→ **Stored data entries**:
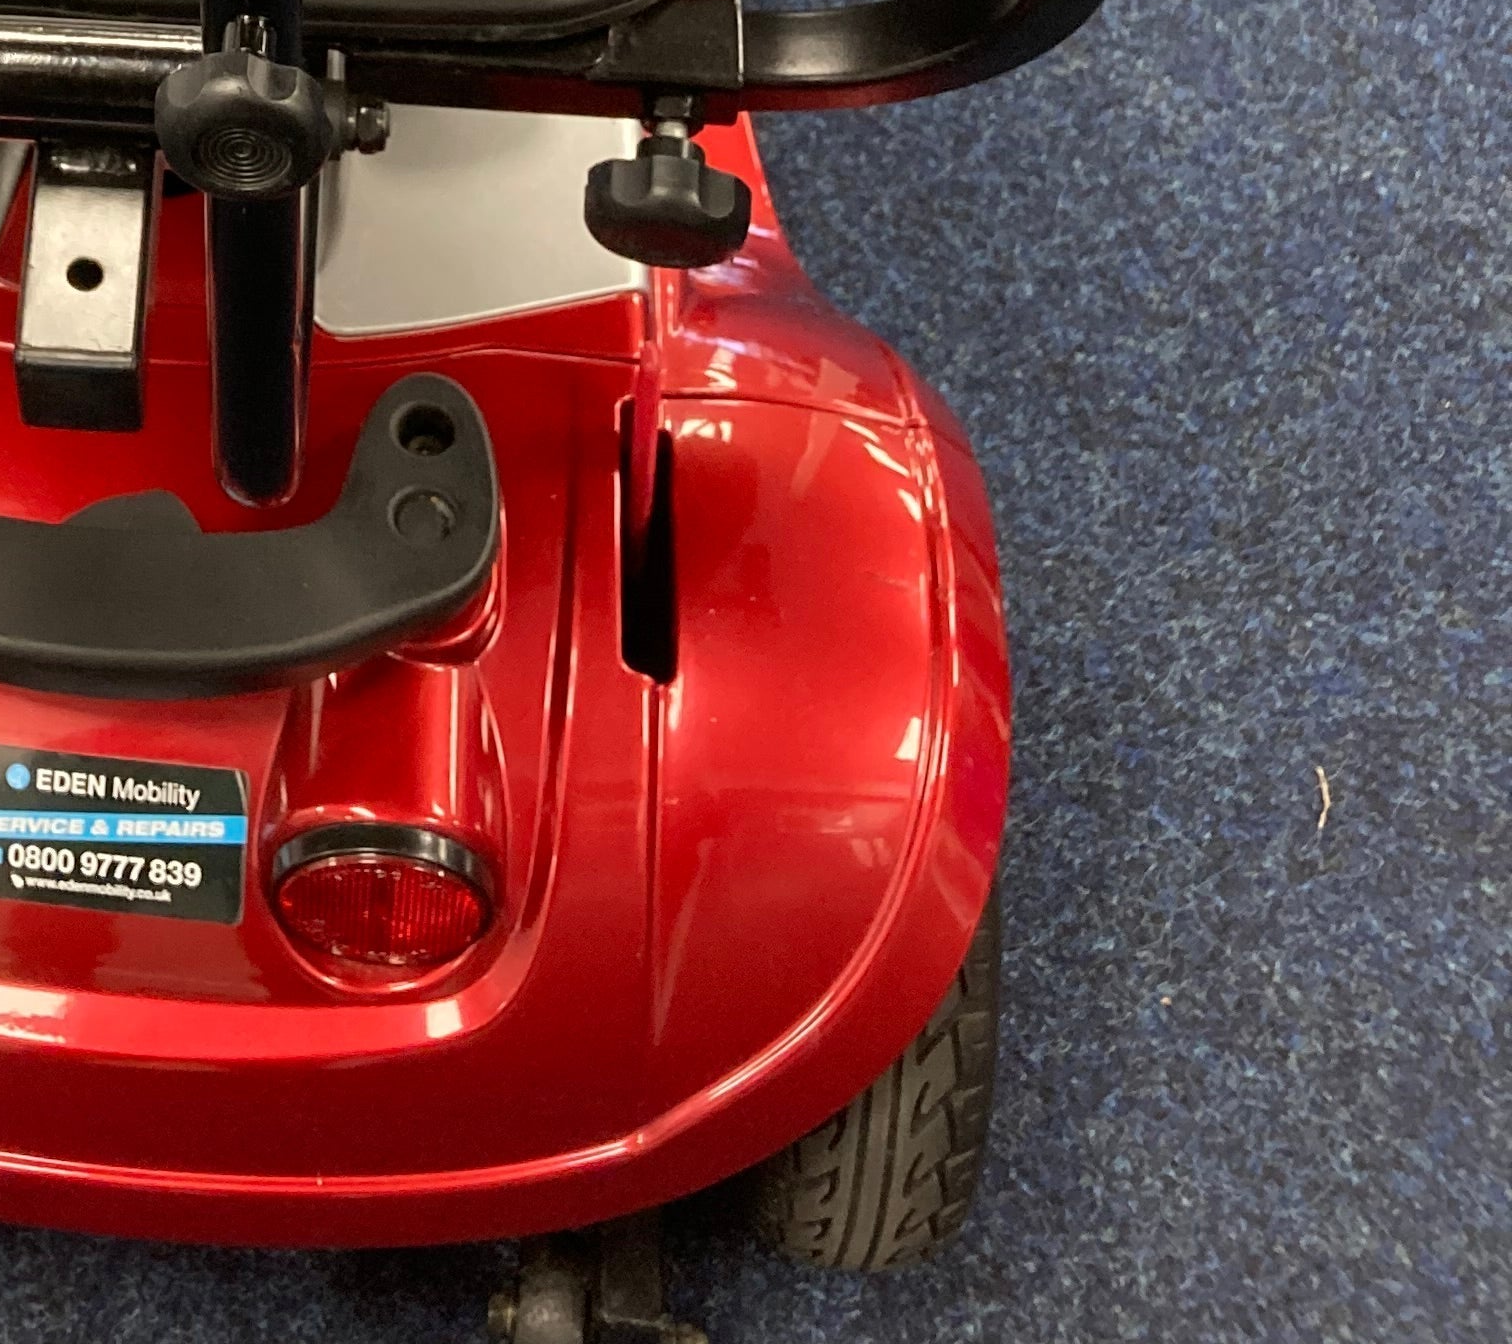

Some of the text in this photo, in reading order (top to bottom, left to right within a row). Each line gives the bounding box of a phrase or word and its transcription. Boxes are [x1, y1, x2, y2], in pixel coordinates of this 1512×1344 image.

[36, 767, 201, 811] EDEN Mobility
[90, 819, 109, 837] &
[116, 820, 225, 838] REPAIRS
[7, 843, 202, 888] 0800 9777 839
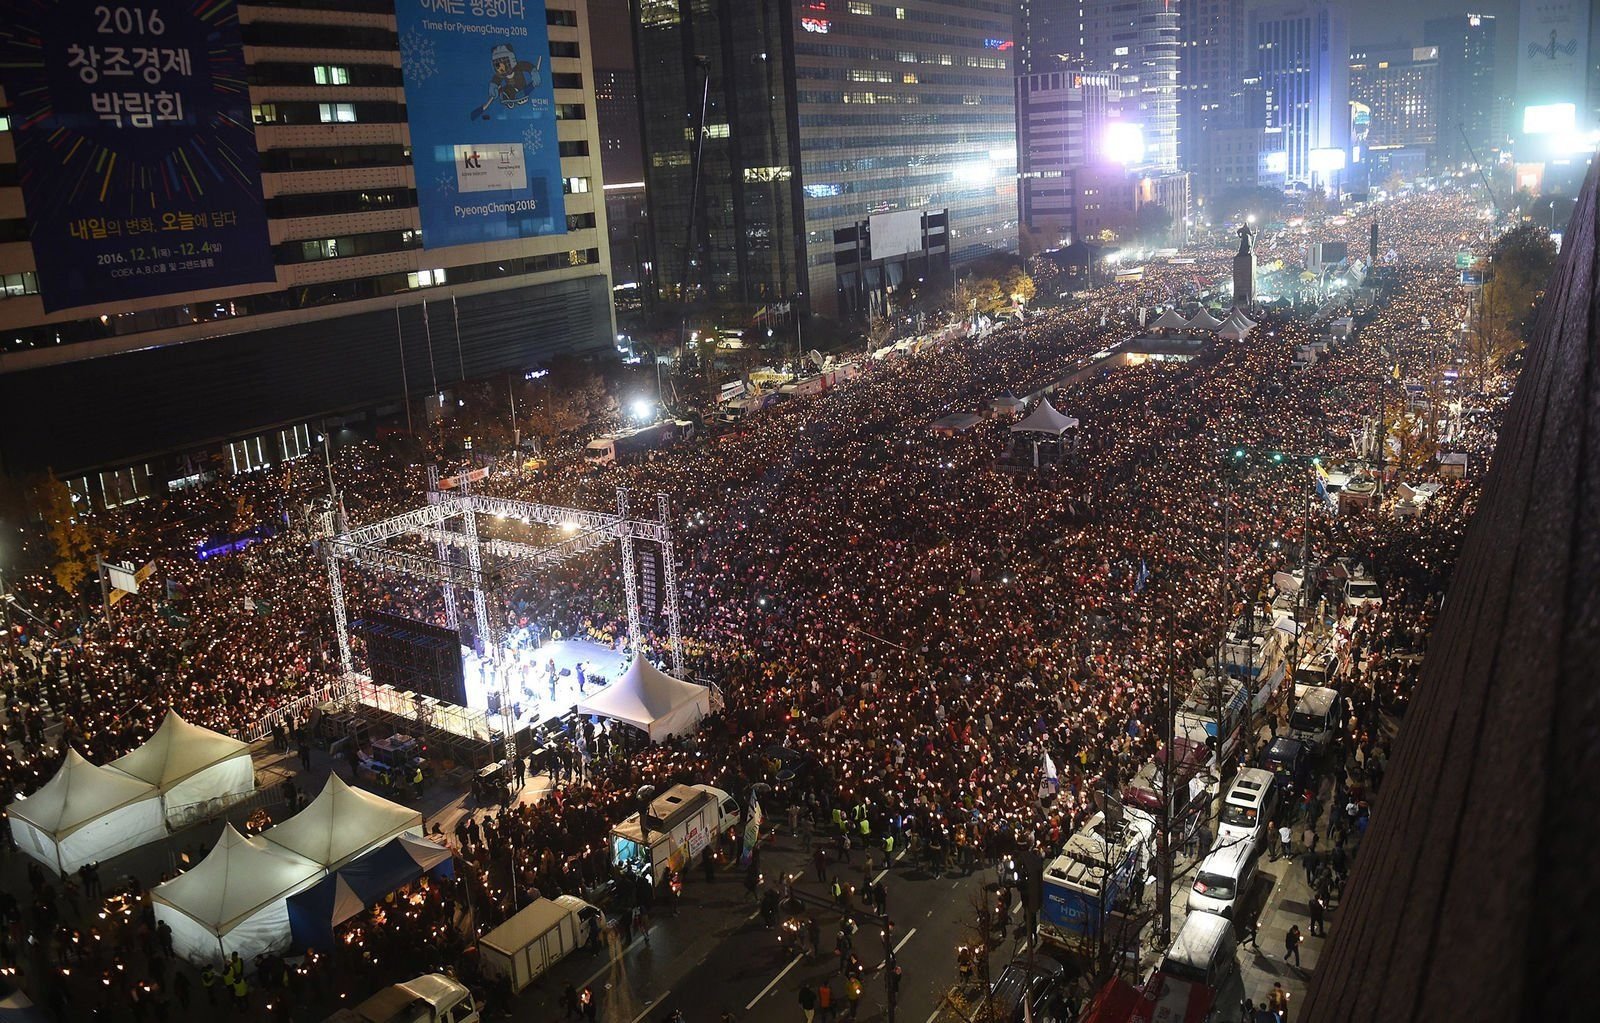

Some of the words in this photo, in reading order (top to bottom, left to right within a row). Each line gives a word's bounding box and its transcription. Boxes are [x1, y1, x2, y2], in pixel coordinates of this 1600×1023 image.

[421, 0, 465, 15] 이제는
[469, 0, 526, 20] 평창이다
[94, 6, 166, 36] 2016
[422, 19, 443, 31] Time
[444, 21, 456, 31] for
[456, 22, 510, 37] PyeongChang
[510, 27, 528, 36] 2018
[67, 44, 193, 84] 창조경제
[91, 90, 184, 129] 박람회
[464, 151, 481, 169] kt
[454, 202, 515, 217] PyeongChang
[516, 200, 536, 211] 2018
[69, 217, 121, 240] 내일의
[161, 211, 208, 233] 오늘에
[211, 210, 237, 229] 담다
[96, 252, 128, 266] 2016.
[111, 267, 133, 279] COEX
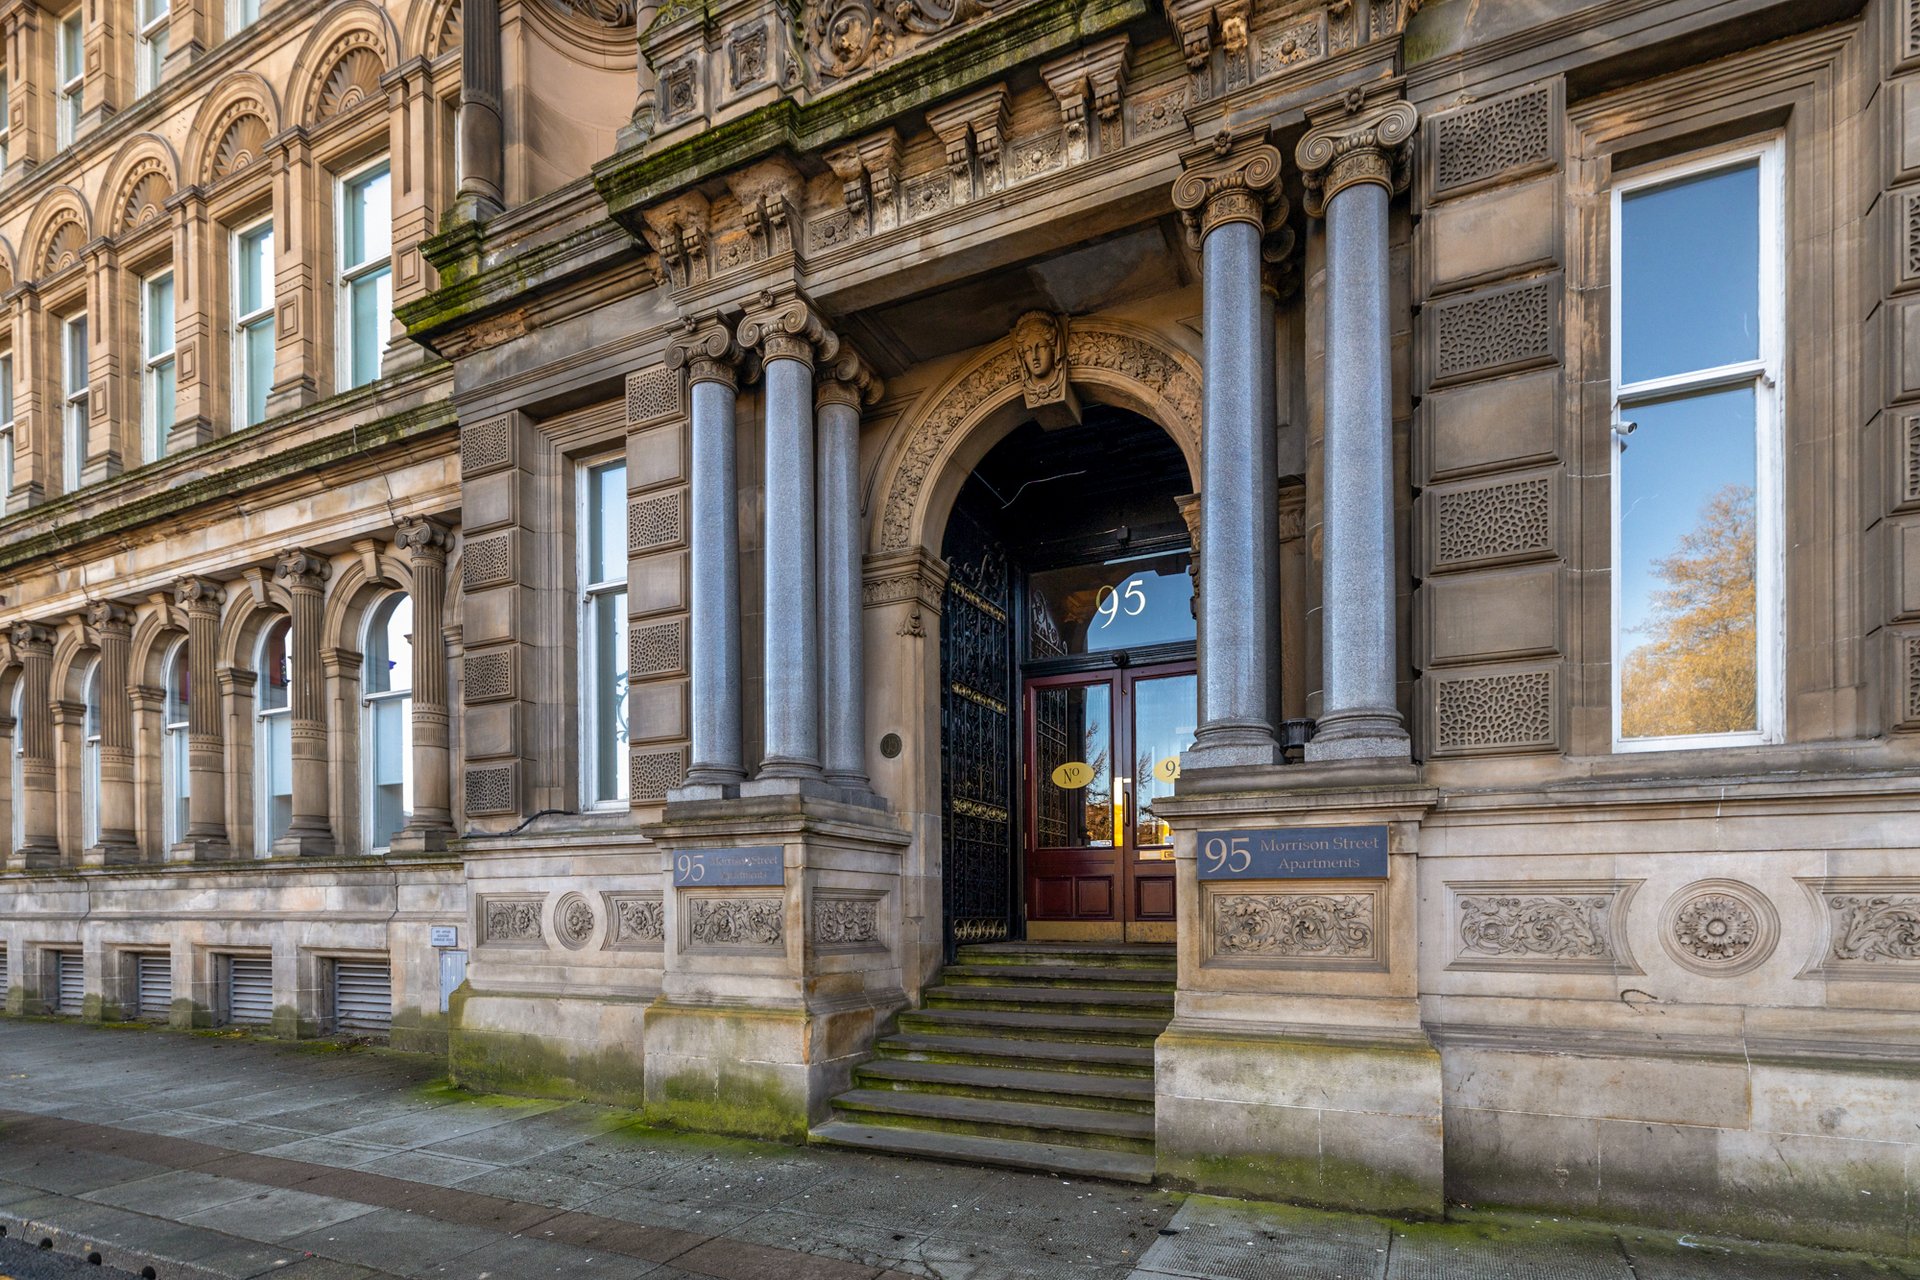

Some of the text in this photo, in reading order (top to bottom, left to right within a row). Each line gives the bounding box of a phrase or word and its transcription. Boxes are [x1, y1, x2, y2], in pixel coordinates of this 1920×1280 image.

[1095, 579, 1146, 629] 95
[1165, 760, 1180, 778] 9
[677, 854, 705, 882] 95
[751, 855, 778, 865] Street
[1204, 836, 1379, 873] 95 Morrison Street
[1278, 857, 1360, 873] Apartments

→ **WHAT YOU NEED TO DO**: If an entry holds a picture, leave the picture out and repeat the rest exactly.

→ **TASK OUTPUT**:
Some of the text in this photo, in reading order (top to bottom, left to right within a row). Each line gives the bounding box of a phrase or word and its transcription. Boxes are [x1, y1, x2, y2], in pixel coordinates of this 1512×1344 image.

[36, 767, 201, 811] EDEN Mobility
[90, 819, 109, 837] &
[116, 820, 225, 838] REPAIRS
[7, 843, 202, 888] 0800 9777 839

Some of the words in this photo, in reading order (top to bottom, left to right within a row). Each line gives a word's bounding box and its transcription. Boxes are [x1, y1, x2, y2], in pixel coordinates of this 1600×1023 image.

[421, 0, 465, 15] 이제는
[469, 0, 526, 20] 평창이다
[94, 6, 166, 36] 2016
[422, 19, 443, 31] Time
[444, 21, 456, 31] for
[456, 22, 510, 37] PyeongChang
[510, 27, 528, 36] 2018
[67, 44, 193, 84] 창조경제
[91, 90, 184, 129] 박람회
[464, 151, 481, 169] kt
[454, 202, 515, 217] PyeongChang
[516, 200, 536, 211] 2018
[69, 217, 121, 240] 내일의
[161, 211, 208, 233] 오늘에
[211, 210, 237, 229] 담다
[96, 252, 128, 266] 2016.
[111, 267, 133, 279] COEX

Some of the text in this photo, in reading order (top to bottom, left to right within a row). Each line gives the bounding box of a phrase or word and its transcription. Boxes are [x1, y1, x2, y2], in pixel coordinates of this 1920×1280 image.

[1095, 579, 1146, 629] 95
[1165, 760, 1180, 778] 9
[677, 854, 705, 882] 95
[751, 855, 778, 865] Street
[1204, 836, 1379, 873] 95 Morrison Street
[1278, 857, 1360, 873] Apartments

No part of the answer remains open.